** DATA SHOWN follows **

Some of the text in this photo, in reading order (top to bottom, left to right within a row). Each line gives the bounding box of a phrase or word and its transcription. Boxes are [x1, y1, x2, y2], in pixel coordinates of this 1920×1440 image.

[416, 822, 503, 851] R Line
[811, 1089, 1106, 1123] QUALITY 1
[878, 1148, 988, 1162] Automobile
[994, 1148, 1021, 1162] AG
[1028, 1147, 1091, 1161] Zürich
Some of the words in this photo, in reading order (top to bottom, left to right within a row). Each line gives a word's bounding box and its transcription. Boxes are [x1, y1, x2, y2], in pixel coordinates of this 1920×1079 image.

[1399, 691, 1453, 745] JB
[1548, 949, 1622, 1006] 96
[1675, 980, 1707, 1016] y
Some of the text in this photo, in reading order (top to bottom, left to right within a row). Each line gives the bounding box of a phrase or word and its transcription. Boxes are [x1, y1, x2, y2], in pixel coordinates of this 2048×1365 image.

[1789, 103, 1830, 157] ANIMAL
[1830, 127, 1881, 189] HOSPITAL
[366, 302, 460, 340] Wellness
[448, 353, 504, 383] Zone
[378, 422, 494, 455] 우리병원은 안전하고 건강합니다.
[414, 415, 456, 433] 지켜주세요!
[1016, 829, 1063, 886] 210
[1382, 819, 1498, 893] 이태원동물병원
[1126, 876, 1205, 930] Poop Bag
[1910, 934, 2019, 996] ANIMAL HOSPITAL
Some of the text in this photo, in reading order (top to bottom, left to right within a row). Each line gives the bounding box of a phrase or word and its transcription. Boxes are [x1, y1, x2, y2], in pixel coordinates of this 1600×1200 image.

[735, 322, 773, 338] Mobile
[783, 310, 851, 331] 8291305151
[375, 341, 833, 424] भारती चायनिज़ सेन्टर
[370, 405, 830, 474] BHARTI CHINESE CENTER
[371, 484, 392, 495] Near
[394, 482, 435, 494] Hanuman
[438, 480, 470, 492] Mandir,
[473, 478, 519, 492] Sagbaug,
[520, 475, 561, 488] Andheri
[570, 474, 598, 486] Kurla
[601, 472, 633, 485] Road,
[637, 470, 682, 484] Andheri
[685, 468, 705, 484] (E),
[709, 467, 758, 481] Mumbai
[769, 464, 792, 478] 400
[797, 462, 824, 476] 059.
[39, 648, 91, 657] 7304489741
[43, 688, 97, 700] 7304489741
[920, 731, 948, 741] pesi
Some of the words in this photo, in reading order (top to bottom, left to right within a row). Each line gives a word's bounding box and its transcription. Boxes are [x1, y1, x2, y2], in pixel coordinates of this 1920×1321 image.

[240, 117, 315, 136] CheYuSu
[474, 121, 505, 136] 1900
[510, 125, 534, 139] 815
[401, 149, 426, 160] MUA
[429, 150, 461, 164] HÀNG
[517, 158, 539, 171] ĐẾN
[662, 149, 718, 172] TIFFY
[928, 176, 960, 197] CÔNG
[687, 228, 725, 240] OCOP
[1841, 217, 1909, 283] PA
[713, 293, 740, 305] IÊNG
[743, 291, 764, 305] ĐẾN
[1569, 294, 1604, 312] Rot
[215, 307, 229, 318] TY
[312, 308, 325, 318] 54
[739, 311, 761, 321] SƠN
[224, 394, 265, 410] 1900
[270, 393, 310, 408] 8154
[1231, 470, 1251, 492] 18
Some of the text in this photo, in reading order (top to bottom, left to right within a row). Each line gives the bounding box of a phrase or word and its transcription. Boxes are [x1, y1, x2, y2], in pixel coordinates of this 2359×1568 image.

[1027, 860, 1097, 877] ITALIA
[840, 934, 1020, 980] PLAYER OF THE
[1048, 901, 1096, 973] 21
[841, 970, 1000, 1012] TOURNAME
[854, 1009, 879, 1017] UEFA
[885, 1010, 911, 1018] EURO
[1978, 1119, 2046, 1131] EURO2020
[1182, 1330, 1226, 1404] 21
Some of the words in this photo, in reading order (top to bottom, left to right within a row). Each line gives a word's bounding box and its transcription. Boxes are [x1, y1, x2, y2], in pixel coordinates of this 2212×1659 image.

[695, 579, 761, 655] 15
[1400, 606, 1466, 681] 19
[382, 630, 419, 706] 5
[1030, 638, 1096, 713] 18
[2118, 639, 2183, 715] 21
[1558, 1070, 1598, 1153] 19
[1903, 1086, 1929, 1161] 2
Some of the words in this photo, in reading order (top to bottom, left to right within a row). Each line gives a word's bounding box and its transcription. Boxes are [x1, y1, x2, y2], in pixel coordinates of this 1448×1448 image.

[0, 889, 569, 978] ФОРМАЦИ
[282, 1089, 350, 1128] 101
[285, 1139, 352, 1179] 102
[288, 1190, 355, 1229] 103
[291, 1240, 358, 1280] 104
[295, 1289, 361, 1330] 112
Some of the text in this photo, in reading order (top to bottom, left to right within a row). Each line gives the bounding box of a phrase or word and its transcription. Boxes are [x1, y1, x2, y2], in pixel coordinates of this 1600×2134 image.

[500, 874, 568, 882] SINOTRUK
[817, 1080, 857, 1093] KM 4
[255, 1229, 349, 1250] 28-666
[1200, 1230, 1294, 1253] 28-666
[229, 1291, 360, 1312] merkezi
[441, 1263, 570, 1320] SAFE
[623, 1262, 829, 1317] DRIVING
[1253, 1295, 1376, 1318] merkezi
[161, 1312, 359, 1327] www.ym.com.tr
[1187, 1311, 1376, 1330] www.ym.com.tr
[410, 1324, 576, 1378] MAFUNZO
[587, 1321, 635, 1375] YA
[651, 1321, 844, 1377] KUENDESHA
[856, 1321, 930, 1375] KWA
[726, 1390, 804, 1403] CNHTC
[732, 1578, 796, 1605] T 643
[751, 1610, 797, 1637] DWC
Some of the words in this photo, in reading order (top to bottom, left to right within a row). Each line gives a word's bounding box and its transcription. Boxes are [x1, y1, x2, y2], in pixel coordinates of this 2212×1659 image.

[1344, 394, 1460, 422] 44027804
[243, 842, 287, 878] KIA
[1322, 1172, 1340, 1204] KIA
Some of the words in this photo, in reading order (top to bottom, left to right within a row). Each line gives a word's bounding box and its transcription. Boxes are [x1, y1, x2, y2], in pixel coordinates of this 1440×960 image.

** End of DATA SHOWN **

### WORK REQUIRED
Write a verbatim copy of the listing above.

### TASK RESPONSE
Some of the text in this photo, in reading order (top to bottom, left to right within a row). Each line gives the bounding box of a phrase or word and its transcription. Boxes are [x1, y1, x2, y2], in pixel coordinates of this 1920×1440 image.

[416, 822, 503, 851] R Line
[811, 1089, 1106, 1123] QUALITY 1
[878, 1148, 988, 1162] Automobile
[994, 1148, 1021, 1162] AG
[1028, 1147, 1091, 1161] Zürich
Some of the words in this photo, in reading order (top to bottom, left to right within a row). Each line gives a word's bounding box and its transcription. Boxes are [x1, y1, x2, y2], in pixel coordinates of this 1920×1079 image.

[1399, 691, 1453, 745] JB
[1548, 949, 1622, 1006] 96
[1675, 980, 1707, 1016] y
Some of the text in this photo, in reading order (top to bottom, left to right within a row). Each line gives the bounding box of a phrase or word and its transcription. Boxes are [x1, y1, x2, y2], in pixel coordinates of this 2048×1365 image.

[1789, 103, 1830, 157] ANIMAL
[1830, 127, 1881, 189] HOSPITAL
[366, 302, 460, 340] Wellness
[448, 353, 504, 383] Zone
[378, 422, 494, 455] 우리병원은 안전하고 건강합니다.
[414, 415, 456, 433] 지켜주세요!
[1016, 829, 1063, 886] 210
[1382, 819, 1498, 893] 이태원동물병원
[1126, 876, 1205, 930] Poop Bag
[1910, 934, 2019, 996] ANIMAL HOSPITAL
Some of the text in this photo, in reading order (top to bottom, left to right within a row). Each line gives the bounding box of a phrase or word and its transcription. Boxes are [x1, y1, x2, y2], in pixel coordinates of this 1600×1200 image.

[735, 322, 773, 338] Mobile
[783, 310, 851, 331] 8291305151
[375, 341, 833, 424] भारती चायनिज़ सेन्टर
[370, 405, 830, 474] BHARTI CHINESE CENTER
[371, 484, 392, 495] Near
[394, 482, 435, 494] Hanuman
[438, 480, 470, 492] Mandir,
[473, 478, 519, 492] Sagbaug,
[520, 475, 561, 488] Andheri
[570, 474, 598, 486] Kurla
[601, 472, 633, 485] Road,
[637, 470, 682, 484] Andheri
[685, 468, 705, 484] (E),
[709, 467, 758, 481] Mumbai
[769, 464, 792, 478] 400
[797, 462, 824, 476] 059.
[39, 648, 91, 657] 7304489741
[43, 688, 97, 700] 7304489741
[920, 731, 948, 741] pesi
Some of the words in this photo, in reading order (top to bottom, left to right within a row). Each line gives a word's bounding box and its transcription. Boxes are [x1, y1, x2, y2], in pixel coordinates of this 1920×1321 image.

[240, 117, 315, 136] CheYuSu
[474, 121, 505, 136] 1900
[510, 125, 534, 139] 815
[401, 149, 426, 160] MUA
[429, 150, 461, 164] HÀNG
[517, 158, 539, 171] ĐẾN
[662, 149, 718, 172] TIFFY
[928, 176, 960, 197] CÔNG
[687, 228, 725, 240] OCOP
[1841, 217, 1909, 283] PA
[713, 293, 740, 305] IÊNG
[743, 291, 764, 305] ĐẾN
[1569, 294, 1604, 312] Rot
[215, 307, 229, 318] TY
[312, 308, 325, 318] 54
[739, 311, 761, 321] SƠN
[224, 394, 265, 410] 1900
[270, 393, 310, 408] 8154
[1231, 470, 1251, 492] 18
Some of the text in this photo, in reading order (top to bottom, left to right within a row). Each line gives the bounding box of a phrase or word and its transcription. Boxes are [x1, y1, x2, y2], in pixel coordinates of this 2359×1568 image.

[1027, 860, 1097, 877] ITALIA
[840, 934, 1020, 980] PLAYER OF THE
[1048, 901, 1096, 973] 21
[841, 970, 1000, 1012] TOURNAME
[854, 1009, 879, 1017] UEFA
[885, 1010, 911, 1018] EURO
[1978, 1119, 2046, 1131] EURO2020
[1182, 1330, 1226, 1404] 21
Some of the words in this photo, in reading order (top to bottom, left to right within a row). Each line gives a word's bounding box and its transcription. Boxes are [x1, y1, x2, y2], in pixel coordinates of this 2212×1659 image.

[695, 579, 761, 655] 15
[1400, 606, 1466, 681] 19
[382, 630, 419, 706] 5
[1030, 638, 1096, 713] 18
[2118, 639, 2183, 715] 21
[1558, 1070, 1598, 1153] 19
[1903, 1086, 1929, 1161] 2
Some of the words in this photo, in reading order (top to bottom, left to right within a row). Each line gives a word's bounding box and its transcription. Boxes are [x1, y1, x2, y2], in pixel coordinates of this 1448×1448 image.

[0, 889, 569, 978] ФОРМАЦИ
[282, 1089, 350, 1128] 101
[285, 1139, 352, 1179] 102
[288, 1190, 355, 1229] 103
[291, 1240, 358, 1280] 104
[295, 1289, 361, 1330] 112
Some of the text in this photo, in reading order (top to bottom, left to right within a row). Each line gives the bounding box of a phrase or word and its transcription. Boxes are [x1, y1, x2, y2], in pixel coordinates of this 1600×2134 image.

[500, 874, 568, 882] SINOTRUK
[817, 1080, 857, 1093] KM 4
[255, 1229, 349, 1250] 28-666
[1200, 1230, 1294, 1253] 28-666
[229, 1291, 360, 1312] merkezi
[441, 1263, 570, 1320] SAFE
[623, 1262, 829, 1317] DRIVING
[1253, 1295, 1376, 1318] merkezi
[161, 1312, 359, 1327] www.ym.com.tr
[1187, 1311, 1376, 1330] www.ym.com.tr
[410, 1324, 576, 1378] MAFUNZO
[587, 1321, 635, 1375] YA
[651, 1321, 844, 1377] KUENDESHA
[856, 1321, 930, 1375] KWA
[726, 1390, 804, 1403] CNHTC
[732, 1578, 796, 1605] T 643
[751, 1610, 797, 1637] DWC
Some of the words in this photo, in reading order (top to bottom, left to right within a row). Each line gives a word's bounding box and its transcription. Boxes are [x1, y1, x2, y2], in pixel coordinates of this 2212×1659 image.

[1344, 394, 1460, 422] 44027804
[243, 842, 287, 878] KIA
[1322, 1172, 1340, 1204] KIA
Some of the words in this photo, in reading order (top to bottom, left to right within a row). Each line gives a word's bounding box and its transcription. Boxes are [x1, y1, x2, y2], in pixel coordinates of this 1440×960 image.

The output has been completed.